Data for analysis:
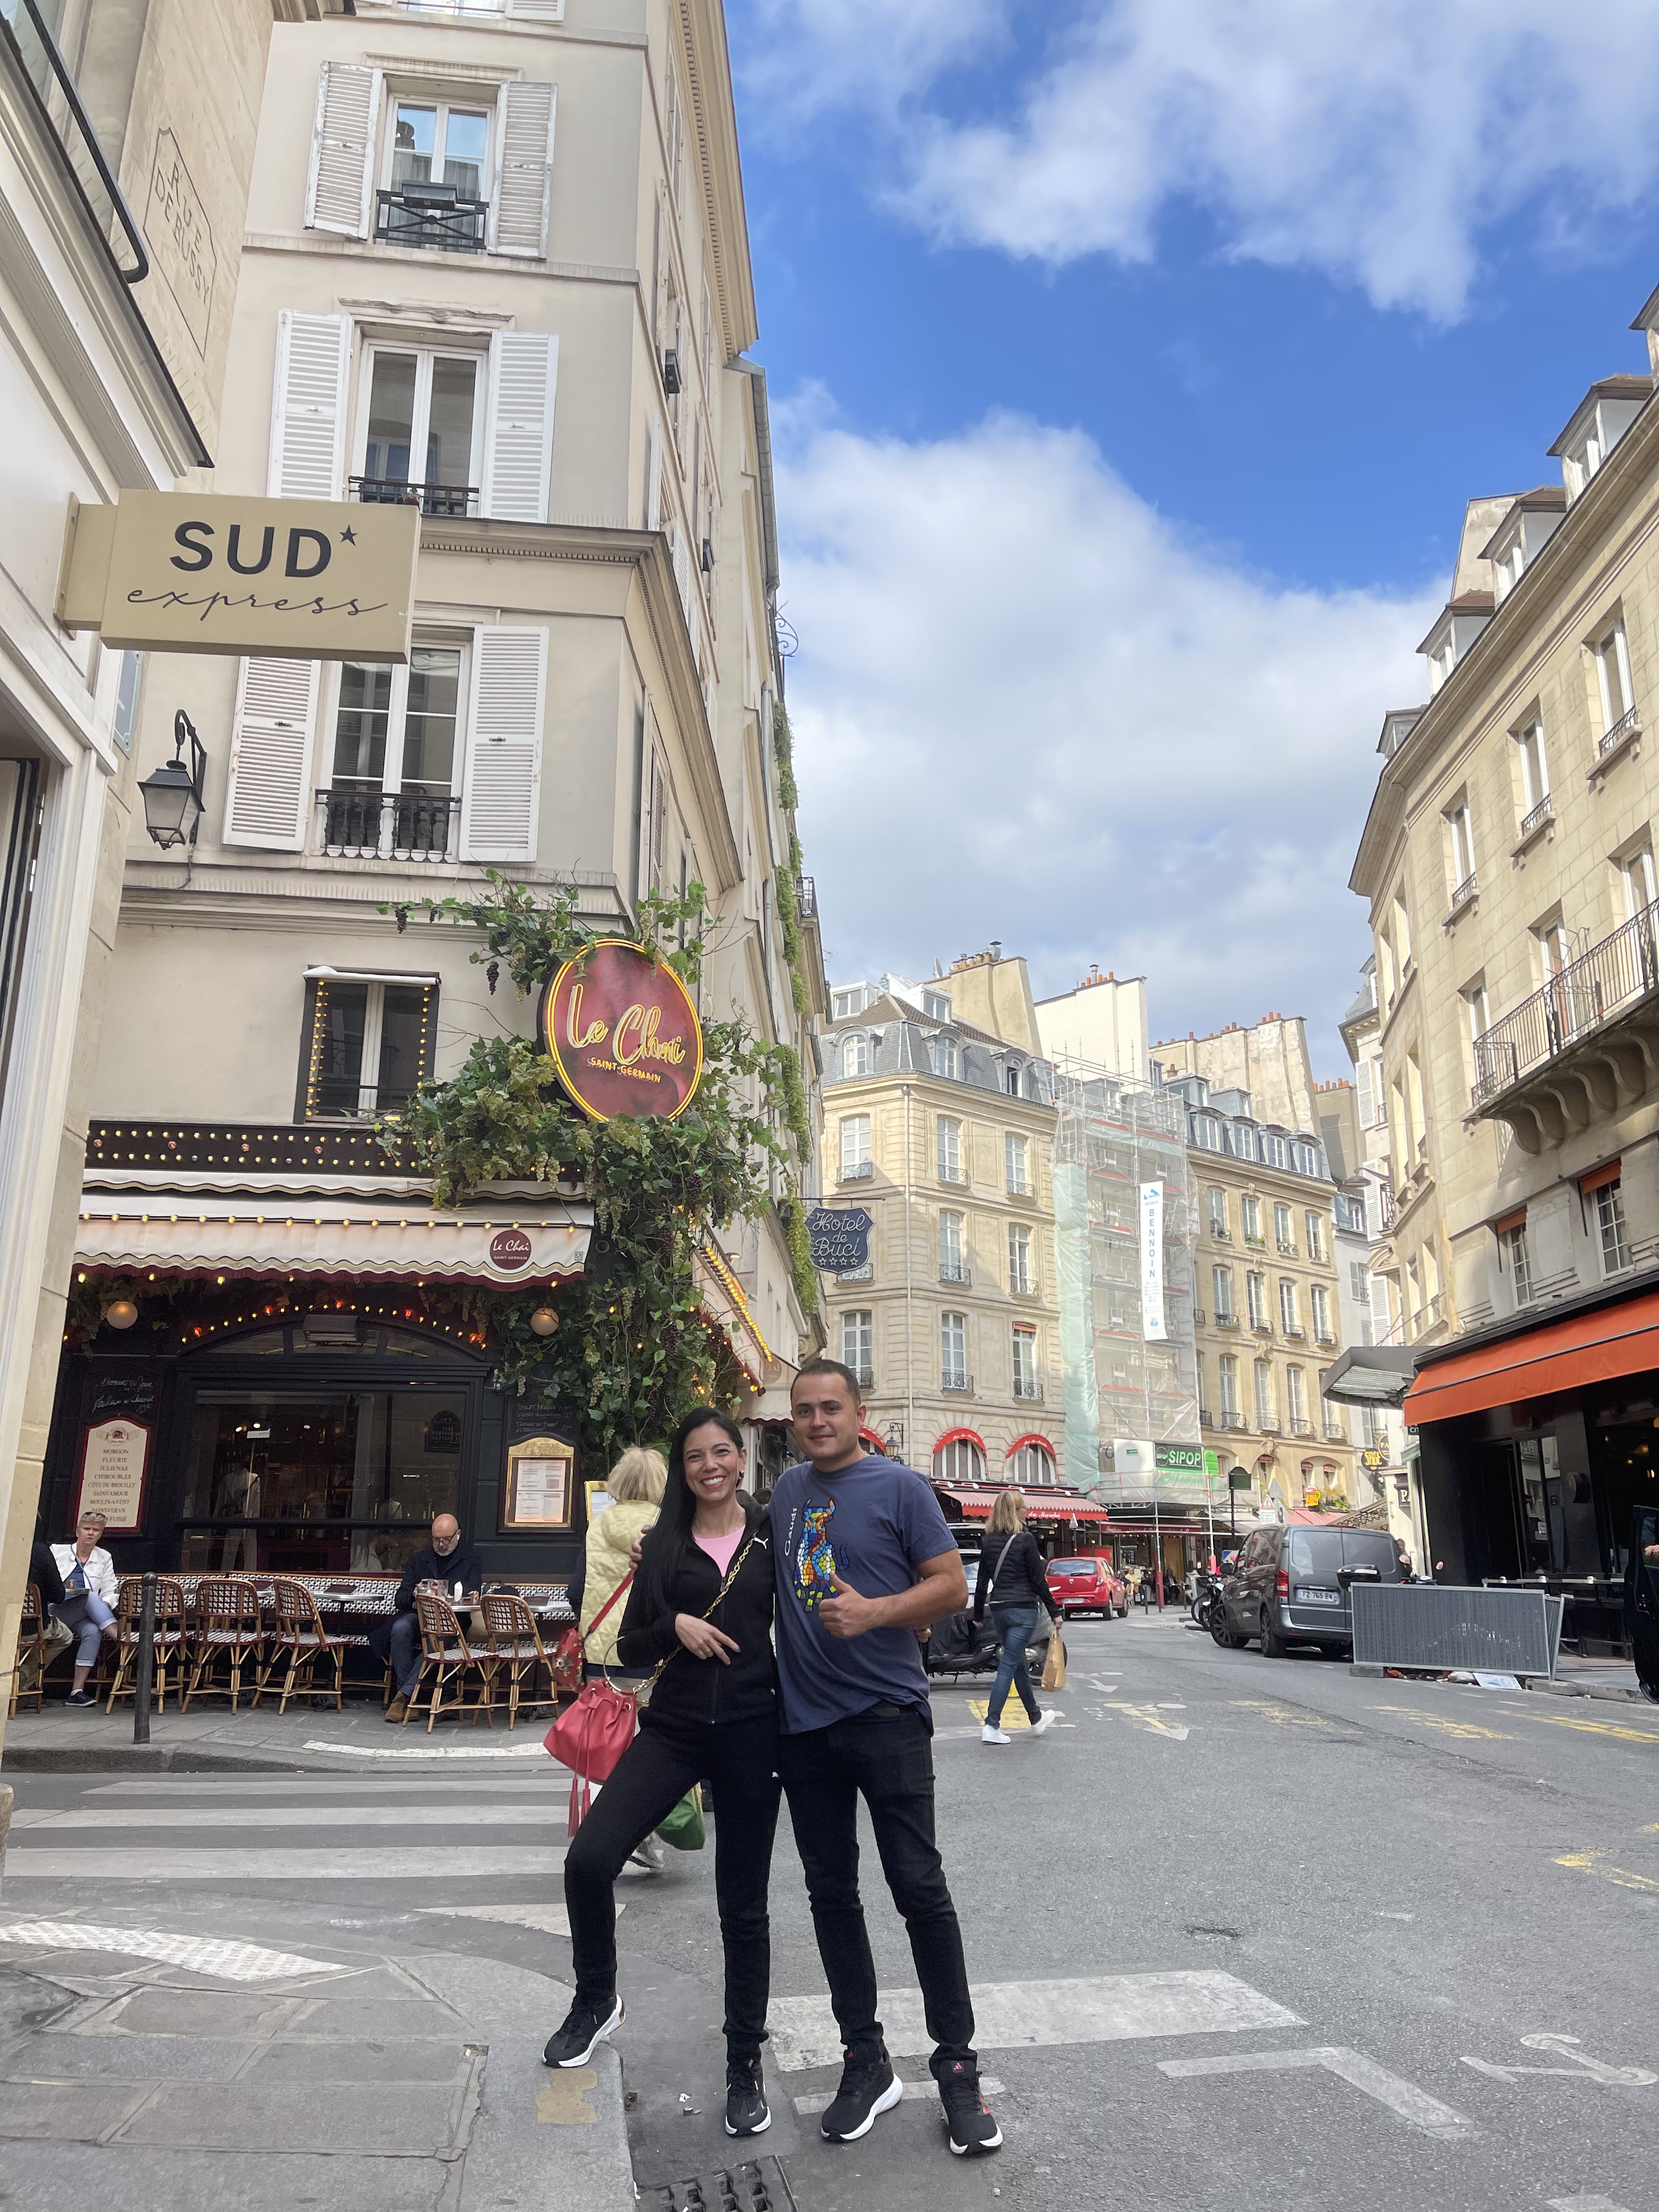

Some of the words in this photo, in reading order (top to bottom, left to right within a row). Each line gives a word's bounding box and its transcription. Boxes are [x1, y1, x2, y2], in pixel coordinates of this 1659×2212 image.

[169, 520, 332, 578] SUD
[126, 589, 388, 622] express
[567, 983, 609, 1049] Le
[612, 1003, 686, 1065] Chai
[586, 1057, 662, 1084] SAINT-GERMAIN
[812, 1212, 865, 1231] Hotel
[493, 1239, 503, 1251] Le
[505, 1239, 530, 1252] Chai
[831, 1231, 848, 1243] de
[1169, 1449, 1201, 1466] SIPOP

Required action: Reproduce the whole listing verbatim. Pictures stay out of the copy.

Answer space:
Some of the words in this photo, in reading order (top to bottom, left to right within a row). Each line gives a word's bounding box and its transcription. Boxes are [x1, y1, x2, y2], in pixel coordinates of this 1659×2212 image.

[169, 520, 332, 578] SUD
[126, 589, 388, 622] express
[567, 983, 609, 1049] Le
[612, 1003, 686, 1065] Chai
[586, 1057, 662, 1084] SAINT-GERMAIN
[812, 1212, 865, 1231] Hotel
[493, 1239, 503, 1251] Le
[505, 1239, 530, 1252] Chai
[831, 1231, 848, 1243] de
[1169, 1449, 1201, 1466] SIPOP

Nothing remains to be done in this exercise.